The data:
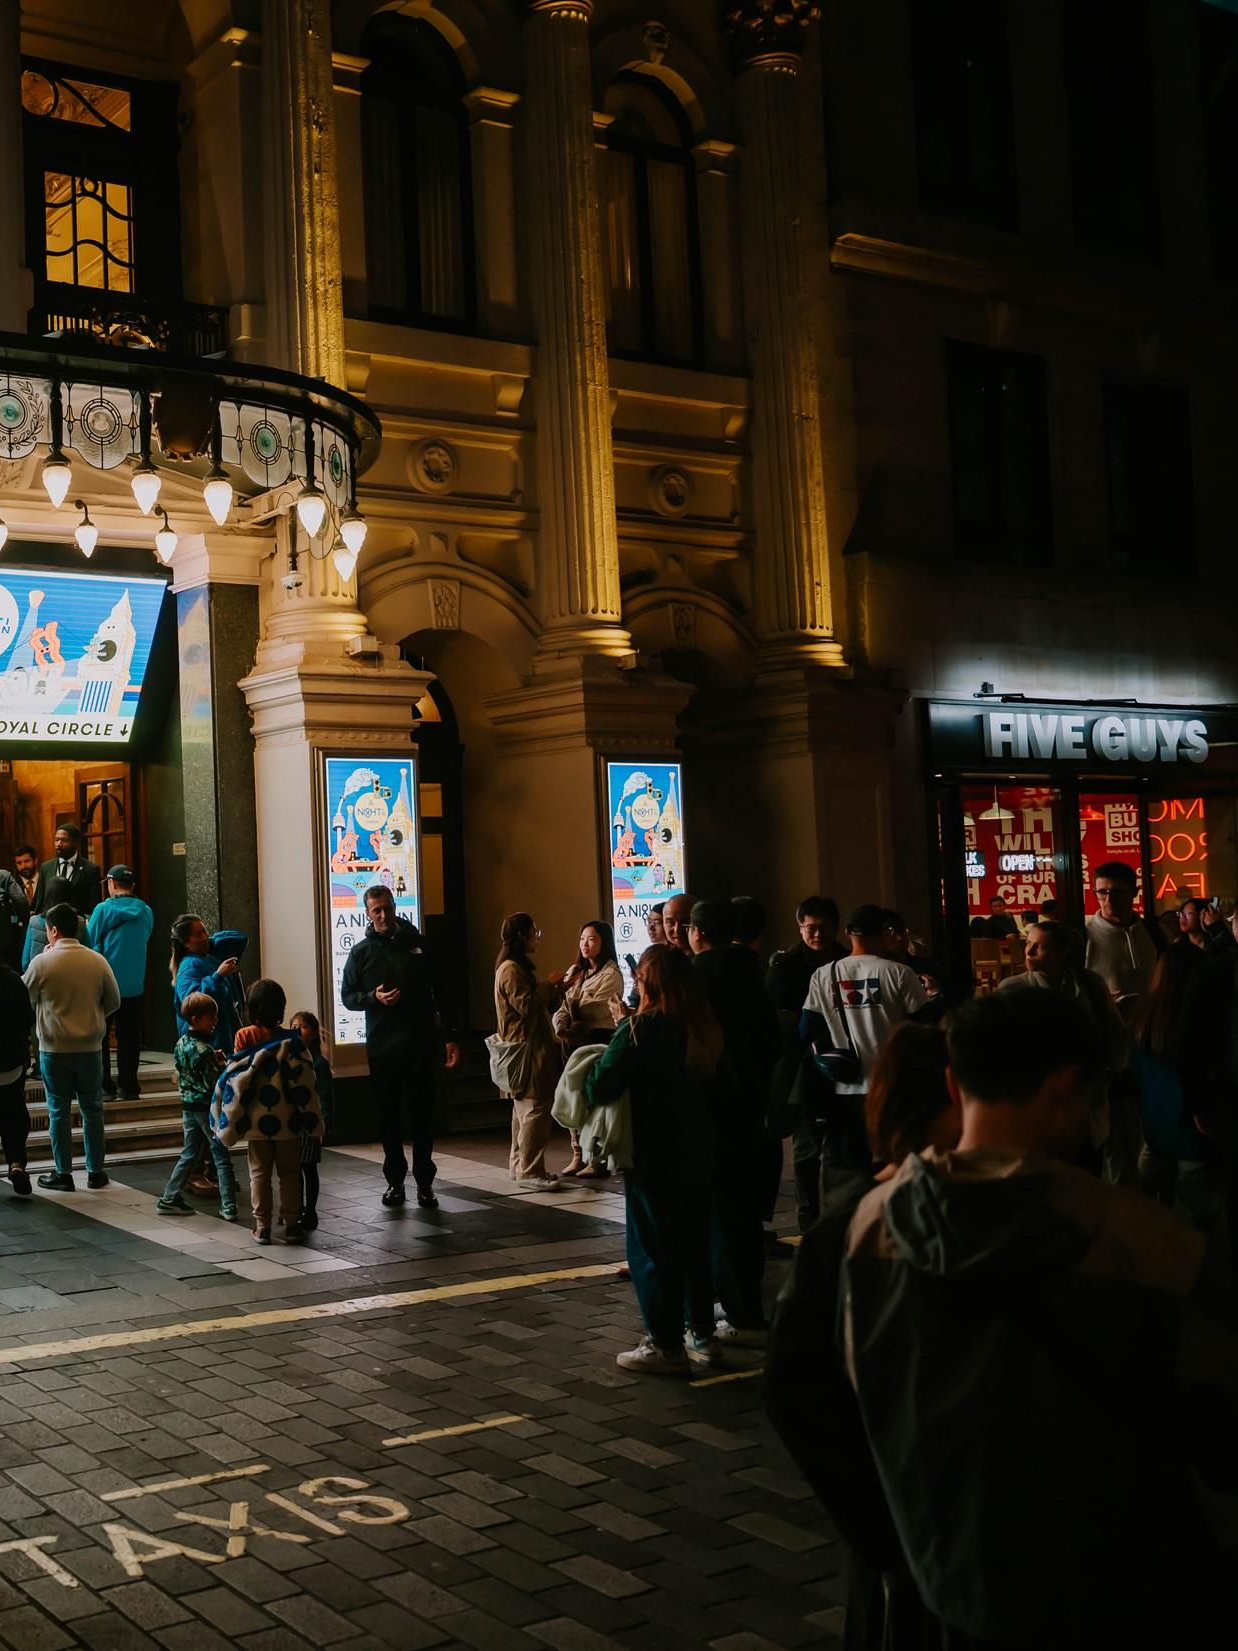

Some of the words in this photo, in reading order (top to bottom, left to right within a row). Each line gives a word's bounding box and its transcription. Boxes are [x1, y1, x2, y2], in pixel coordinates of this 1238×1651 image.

[47, 722, 114, 737] CIRCLE
[982, 712, 1088, 760] FIVE
[1092, 716, 1209, 763] GUYS
[1001, 854, 1036, 871] OPEN

Exercise details:
Print each record exactly as it stands, leaving the images out.

Response below:
Some of the words in this photo, in reading order (top to bottom, left to right within a row). Each line gives a word's bounding box and its transcription. Boxes are [x1, y1, x2, y2], in pixel coordinates of this 1238×1651 image.

[47, 722, 114, 737] CIRCLE
[982, 712, 1088, 760] FIVE
[1092, 716, 1209, 763] GUYS
[1001, 854, 1036, 871] OPEN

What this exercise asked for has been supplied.